Citizens and voters all over America bemoan how candidates and campaigns seem to start earlier each election cycle. In Alabama, for example, four candidates for Governor -- two Republicans and two Democrats -- are already jockeying for the June 2006 primary election.
Of the two parties, the Democrats have now taken center stage. The candidates for Governor in the Democratic primary include Don Siegelman, the former Governor, and Lucy Baxley, the current Lieutenant Governor.

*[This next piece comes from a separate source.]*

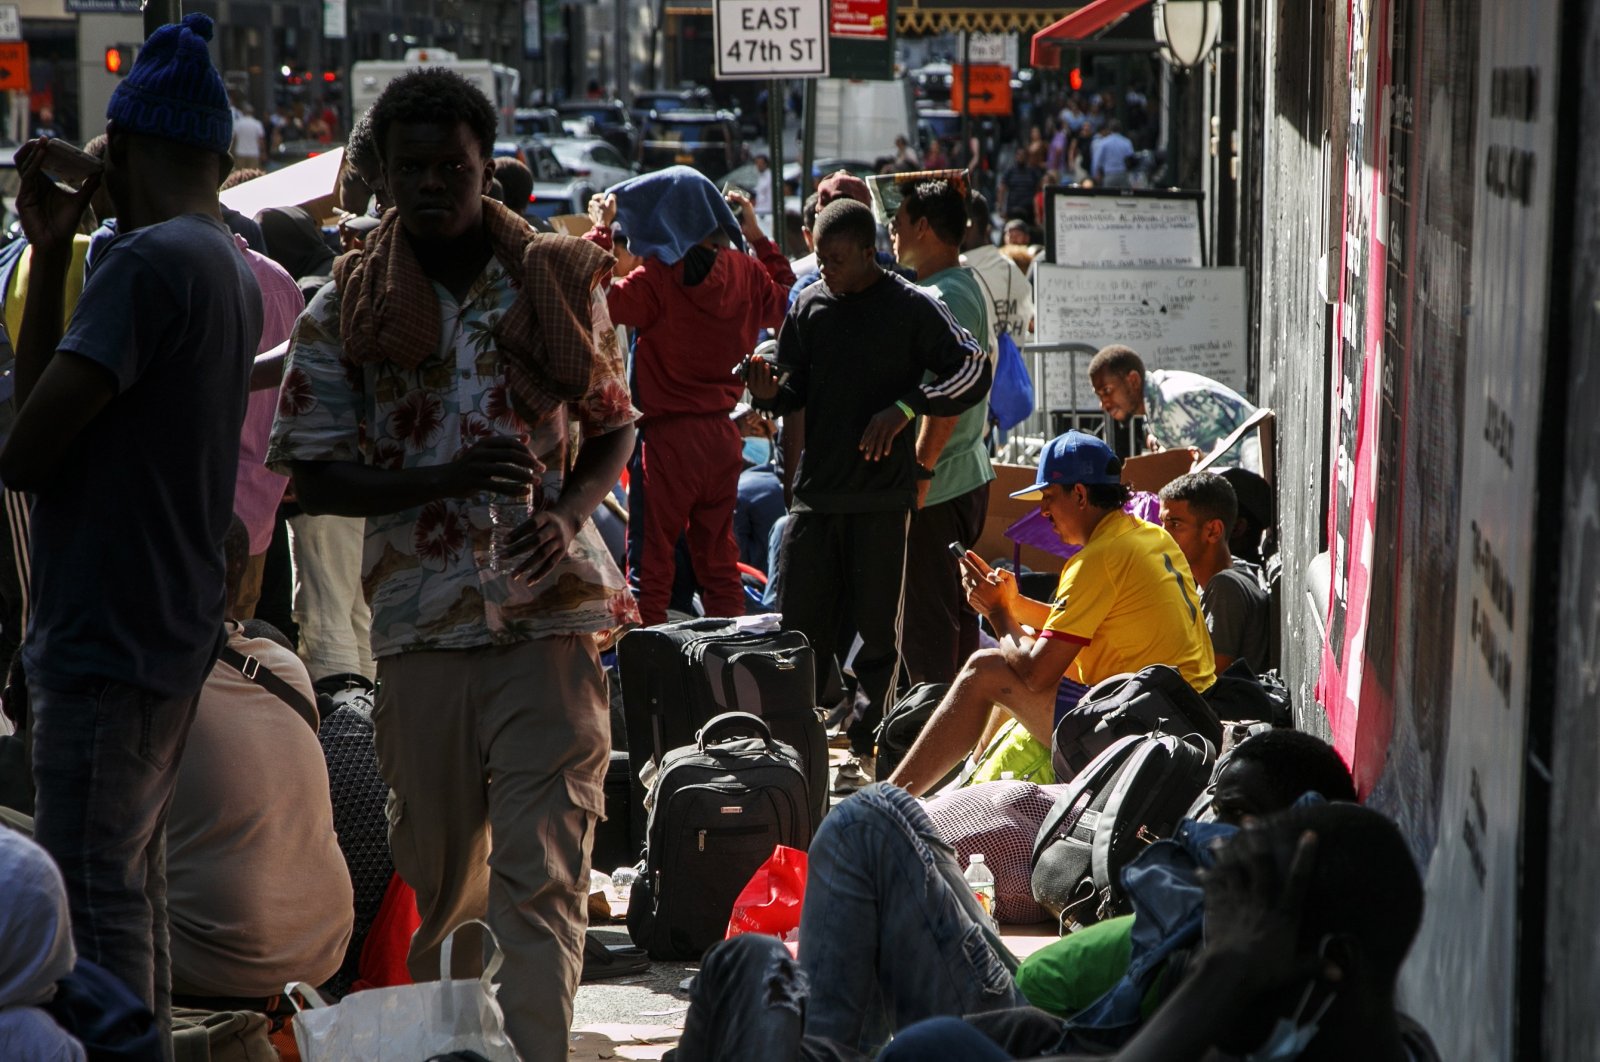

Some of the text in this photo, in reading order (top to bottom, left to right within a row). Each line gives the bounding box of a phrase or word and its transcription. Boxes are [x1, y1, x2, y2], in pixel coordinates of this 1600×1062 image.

Siegelman has high name identification but his negatives are astronomic. In late October, he was indicted under RICO for allegedly taking more than $1 million in bribes for doing special favors for Alabama companies that sought his help as Governor. He may have pocketed some of this money. Former HealthSouth CEO Richard Scrushy, also newly indicted, is alleged to have paid $500,000 to Siegelman for an appointment to the Certificate of Need Board, which makes decisions about which types of expensive medical equipment can be installed at which clinics and hospitals. A lobbyist who offered Siegelman gifts and a former Siegelman department director who helped do favors helped the investigation. If convicted of a felony, Siegelman could spend 20 years in prison.
Siegelman responded the charges were false and, trying to tap into Democratic hate for national Republicans and the Bush Administration, said the indictments were part of a Republican plan to smear him. Baxley, chief beneficiary of the Siegelman indictment, clucked about how it was a sad day for Alabamans, who deserve honesty in government.
Well known among the party faithful, Baxley has little statewide name identification yet and is countering it with distribution of "I Love Lucy" buttons and stickers.
The Siegelman indictments pushed the Republican soap opera off the front pages. Expelled Alabama Supreme Court Chief Justice Roy Moore is challenging incumbent Governor Bob Riley.
Moore was expelled from the Supreme Court by an Alabama judicial ethics panel for flouting the law when his insistence a two-ton granite monument to the Ten Commandments shouldn't be removed from state property also defied a federal judge's ruling the monument was an unconstitutional endorsement of religion. In Alabama, symbols mean more than substance. This intransigence earned Moore support and plaudits from fundamentalist Christians.
As incumbent, Riley starts with high name identification. Unfortunately for him, he also has high negatives among likely Republican primary voters due to his 2003 plan to reform Alabama's tax code. Voters overwhelmingly rejected the $1.3 billion ballot proposal, which was backed by an odd coalition of business groups, teachers, and state Democrats, the last two of which are not usually Republican primary voters.
The gubernatorial announcements of both men were ironic as they reached out to attract supporters of the other. As if to allay fears he would be a one-issue fringe candidate, Moore stressed financial responsibility and returning government to the people. Riley spoke about his spiritual walk and said his aggressive government reform agenda was already making government accountable to the people. Some pundits suggest Riley and Moore will try to out-Jesus one another.
The Mobile Register-University of South Alabama poll is Alabama's most respected. However, it hasn't focused on the party primaries since January, before any candidates had even announced. Instead, the poll has focused on the horse race for Governor, polling registered voters. In a poll released in the middle of October, Riley led Siegelman 46 percent to 31 percent, and Baxley 44 percent to 33 percent. Baxley led Moore 44 percent to 37 percent. Siegelman and Moore finished in a tie, with 40 percent each. That was a few weeks before the Siegelman indictment.
Why have the candidates started so early? One reason is money. An indicted Siegelman will now have difficulty raising money. If Baxley raises enough, she will drive Siegelman out of the race and be able to purchase name identification and position herself. However, it is still early enough for a third candidate with personal wealth to step in.
A former Congressman and incumbent Governor, Riley has shown remarkable fundraising acumen. His ability to raise money, however, is unlikely to drive Moore from the race.
Money is less of a factor to Moore and true believers who help him. To underestimate the ability of Moore to get sympathetic voters regardless of party to turn out for him in the primary should not be underestimated, especially if pastors and Christian Coalition voter guides urge congregants to support Moore. Reported polls will never capture this intangible factor.